Pero la victoria deportiva ha llegado a lo que es hoy no sin el concurso de bastante gente. Así por ejemplo el crítico de fútbol ya no opera en cuanto tal: es en realidad un ideólogo del gran club (cuyo derecho al triunfo custodia) o el bardo que canta sus proezas. Los informadores tampoco informan de nada; esos empleados de la industria del acontecimiento son las correas de transmisión de la chaladura ambiente. (Se ha creído oportuno escoger a los comunicadores entre individuos con escasa preparación y tan hinchas del equipo en el que se han especializado como sus lectores u oyentes; ¡qué mejor médium de la euforia que un eufórico a sueldo!).

De manera que el fair play, que no es un requilorio más o menos anticuado del deporte sino su condición de posibilidad, se ha quedado sin auténticos guardianes. Es decir: nadie vela por la limpieza de la competición; nadie defiende la deportividad y nadie pone coto a los violentos, aunque, cuando éstos perpetran sus tropelías, cundan las voces de alarma; pero se trata de una alarma de boquilla, más apta para salvar las apariencias y desmarcarse de los vándalos que para poner remedio al mal. Lo prueba la prisa que se dan todas las instancias que rodean al fútbol en exonerarlo de la menor responsabilidad en la génesis de la violencia gamberril, cuando ésta se desata, declarándolo ajeno, incluso refractario a ella. (Es como si, después del hundimiento de un buque, fuesen indiscutibles su idoneidad marinera y la pericia de sus tripulantes.)

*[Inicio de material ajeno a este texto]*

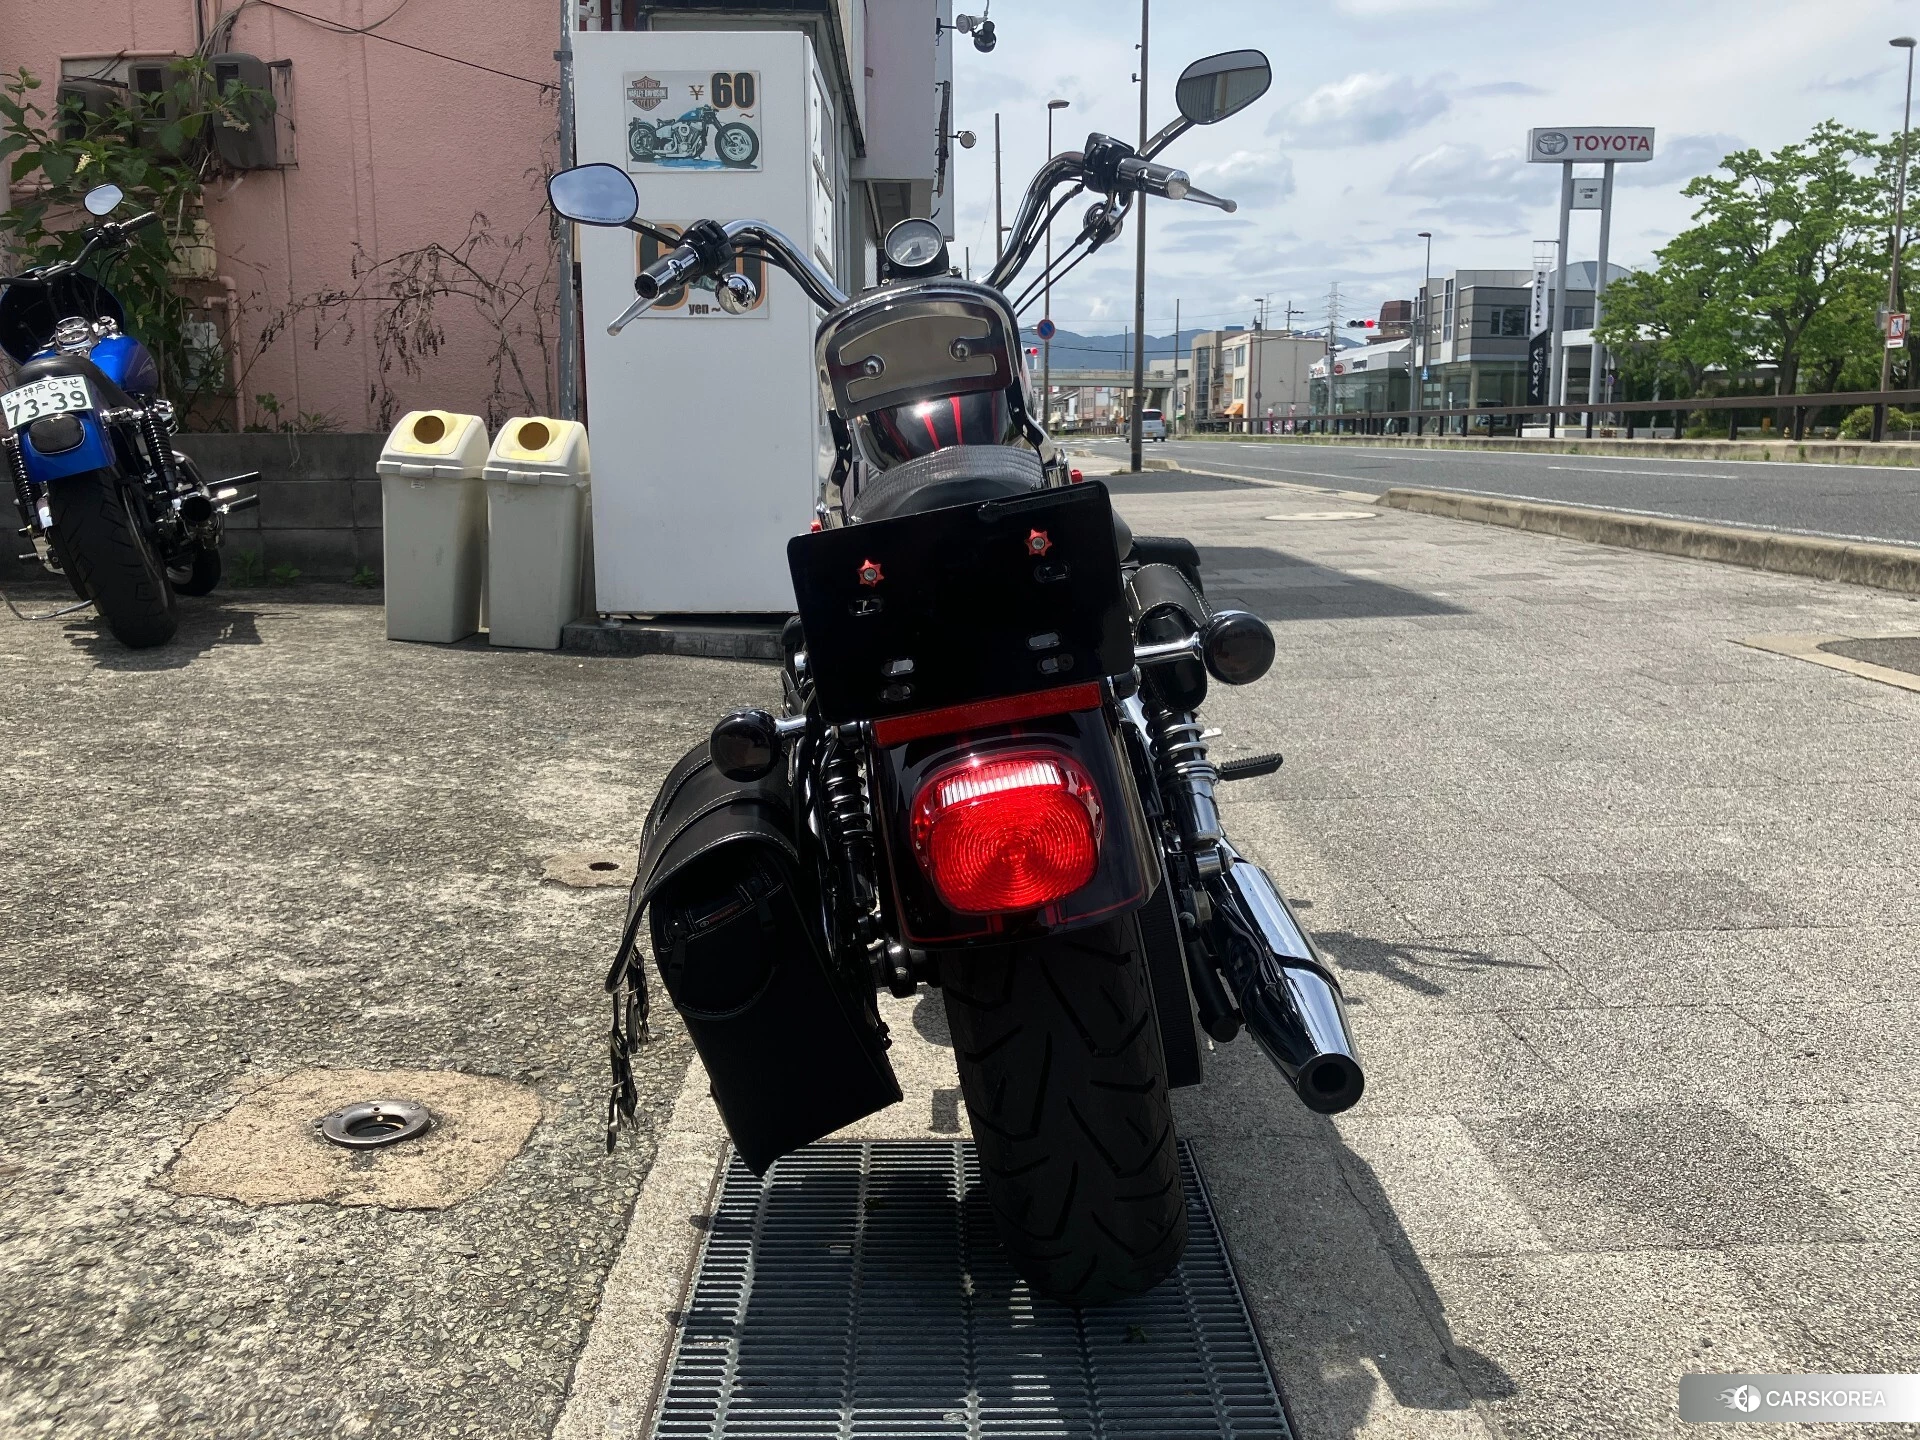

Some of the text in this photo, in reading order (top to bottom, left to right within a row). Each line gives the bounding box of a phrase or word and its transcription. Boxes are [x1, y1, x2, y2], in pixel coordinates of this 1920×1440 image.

[711, 72, 755, 109] 60
[1572, 135, 1650, 151] TOYOTA
[688, 303, 709, 315] yen
[1532, 348, 1540, 398] VOXY
[7, 390, 87, 425] 73-39

Tal desistimiento o tal complicidad, que no son de ahora, han creado una tierra de nadie por la que irrumpen los bárbaros. Y la usual expresión "Son cuatro locos (o cuatro sinvergüenzas, o cuatro desalmados) que no representan a nadie" es otro embuste. Fórmulas como: "Este es un partido a vida o muerte" o "La derrota sería trágica", lejos de constituir un abuso del idioma más o menos vituperable, se erigen en consignas muy a propósito para atizar el fuego o echarle gasolina.

La fenomenología de la transformación de un deporte como el fútbol en religión del éxito es abundante: el elogio del jugador tramposo, teatrero y desleal, la consideración del espectáculo desde el punto de vista del interés de un club (en detrimento de la propia competición), la inhibición de los comités de disciplina ante flagrantes vulneraciones de la deportividad, la connivencia de los clubes con sus ultras, la inflación artificiosa de las pasiones, y -last but not least- el cultivo de una importancia enteramente opuesta a la virtualidad del propio juego deportivo y que no duda en pretenderse engendradora de Historia. (Es lo que podríamos denominar ‘la histeria historicista’.)

Sin el dique de reglas y conductas que componen el fair play, la violencia que engendra el actual deporte espectáculo puede devenir de simple marejada en maremoto devastador. Por eso, los dirigentes, los profesionales, los periodistas e incluso el público tienen el deber inexcusable de fomentar la deportividad.

Allá ellos si lo incumplen o negligen.